Extracted records
* * * * *

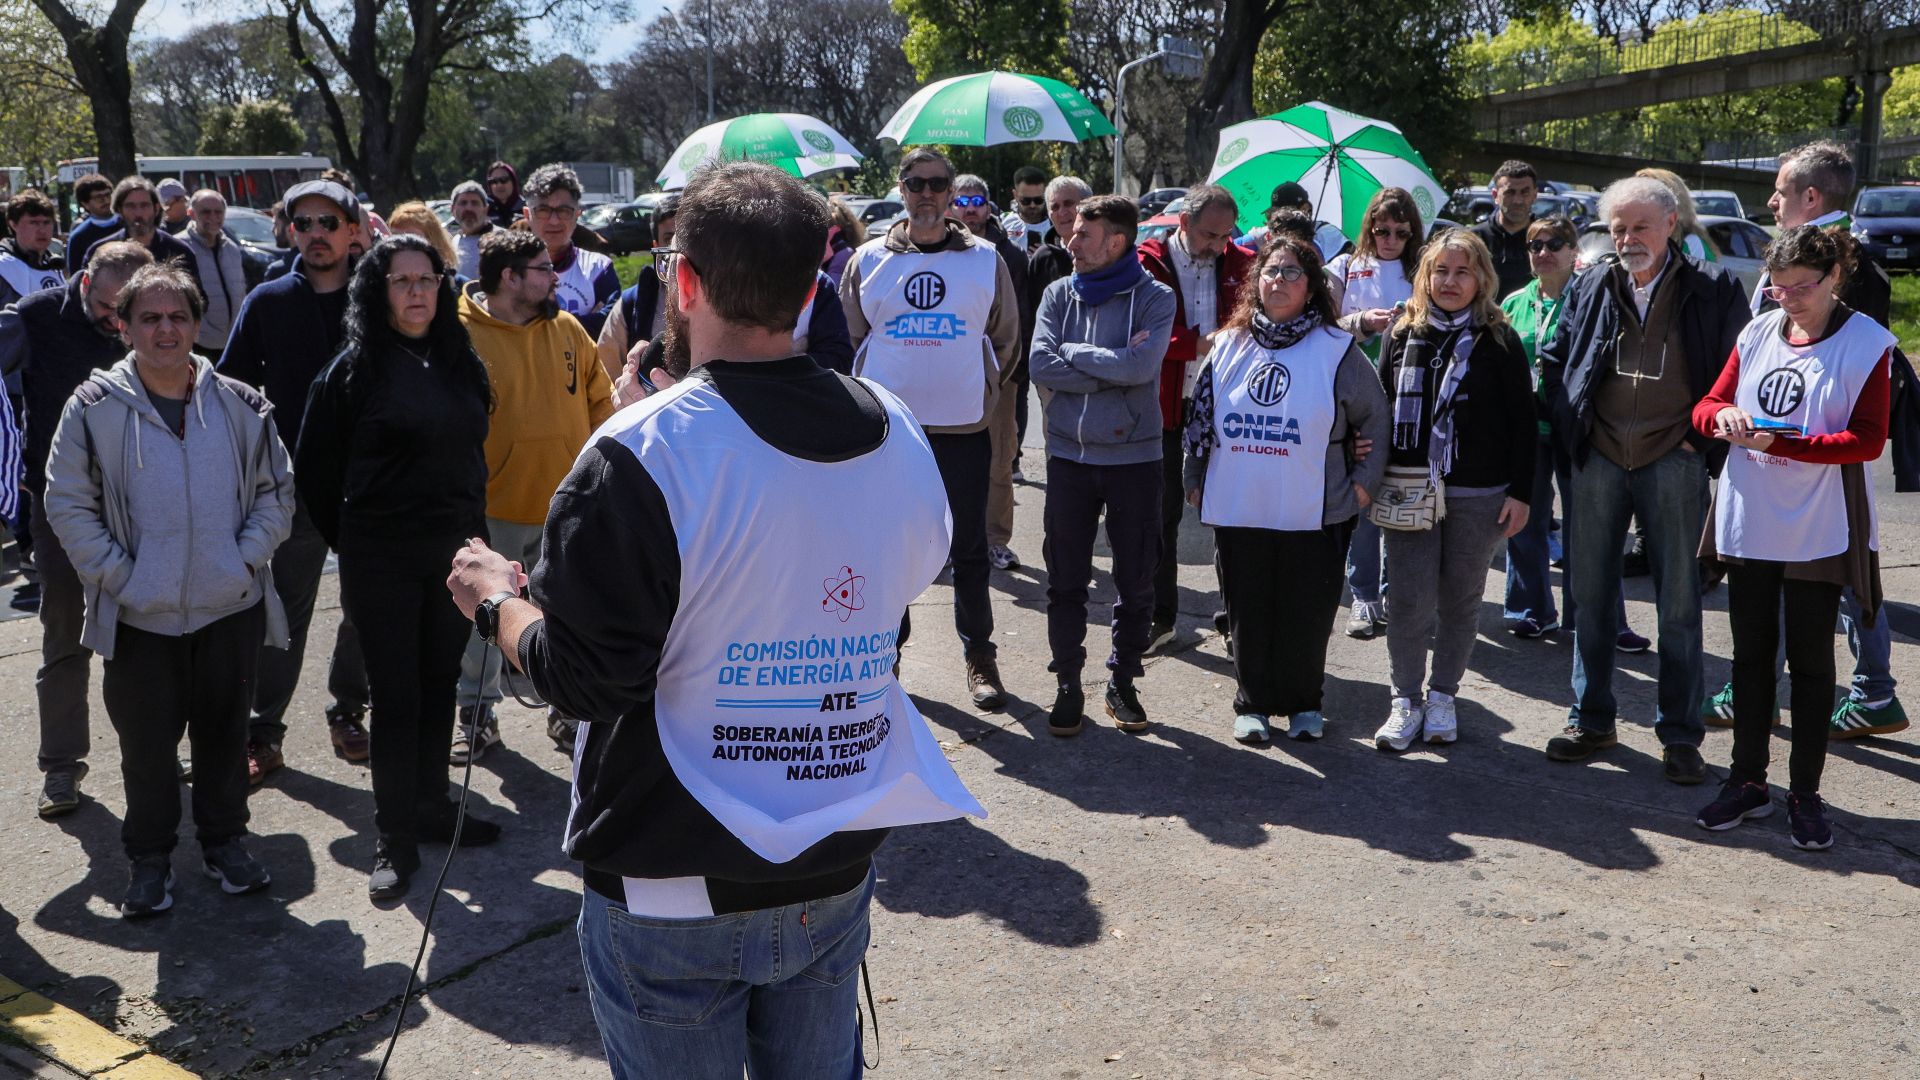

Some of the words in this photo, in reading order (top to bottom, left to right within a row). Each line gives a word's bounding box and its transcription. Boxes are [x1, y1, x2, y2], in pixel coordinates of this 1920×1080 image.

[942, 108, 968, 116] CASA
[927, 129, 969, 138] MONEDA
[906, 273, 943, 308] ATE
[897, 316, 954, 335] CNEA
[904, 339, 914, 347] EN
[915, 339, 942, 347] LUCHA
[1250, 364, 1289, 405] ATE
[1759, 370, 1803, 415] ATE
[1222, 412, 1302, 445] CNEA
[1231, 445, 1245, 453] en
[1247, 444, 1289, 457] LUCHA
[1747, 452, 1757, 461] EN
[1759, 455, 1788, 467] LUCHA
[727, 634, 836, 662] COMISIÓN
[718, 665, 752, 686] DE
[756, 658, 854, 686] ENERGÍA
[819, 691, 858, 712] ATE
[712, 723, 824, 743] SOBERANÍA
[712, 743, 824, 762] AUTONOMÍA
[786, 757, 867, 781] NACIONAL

* * * * *

WORK TASK: Restate each entry word for word, please, but drop any images it holds.

ANSWER BOX:
Some of the words in this photo, in reading order (top to bottom, left to right within a row). Each line gives a word's bounding box and its transcription. Boxes are [x1, y1, x2, y2], in pixel coordinates of this 1920×1080 image.

[942, 108, 968, 116] CASA
[927, 129, 969, 138] MONEDA
[906, 273, 943, 308] ATE
[897, 316, 954, 335] CNEA
[904, 339, 914, 347] EN
[915, 339, 942, 347] LUCHA
[1250, 364, 1289, 405] ATE
[1759, 370, 1803, 415] ATE
[1222, 412, 1302, 445] CNEA
[1231, 445, 1245, 453] en
[1247, 444, 1289, 457] LUCHA
[1747, 452, 1757, 461] EN
[1759, 455, 1788, 467] LUCHA
[727, 634, 836, 662] COMISIÓN
[718, 665, 752, 686] DE
[756, 658, 854, 686] ENERGÍA
[819, 691, 858, 712] ATE
[712, 723, 824, 743] SOBERANÍA
[712, 743, 824, 762] AUTONOMÍA
[786, 757, 867, 781] NACIONAL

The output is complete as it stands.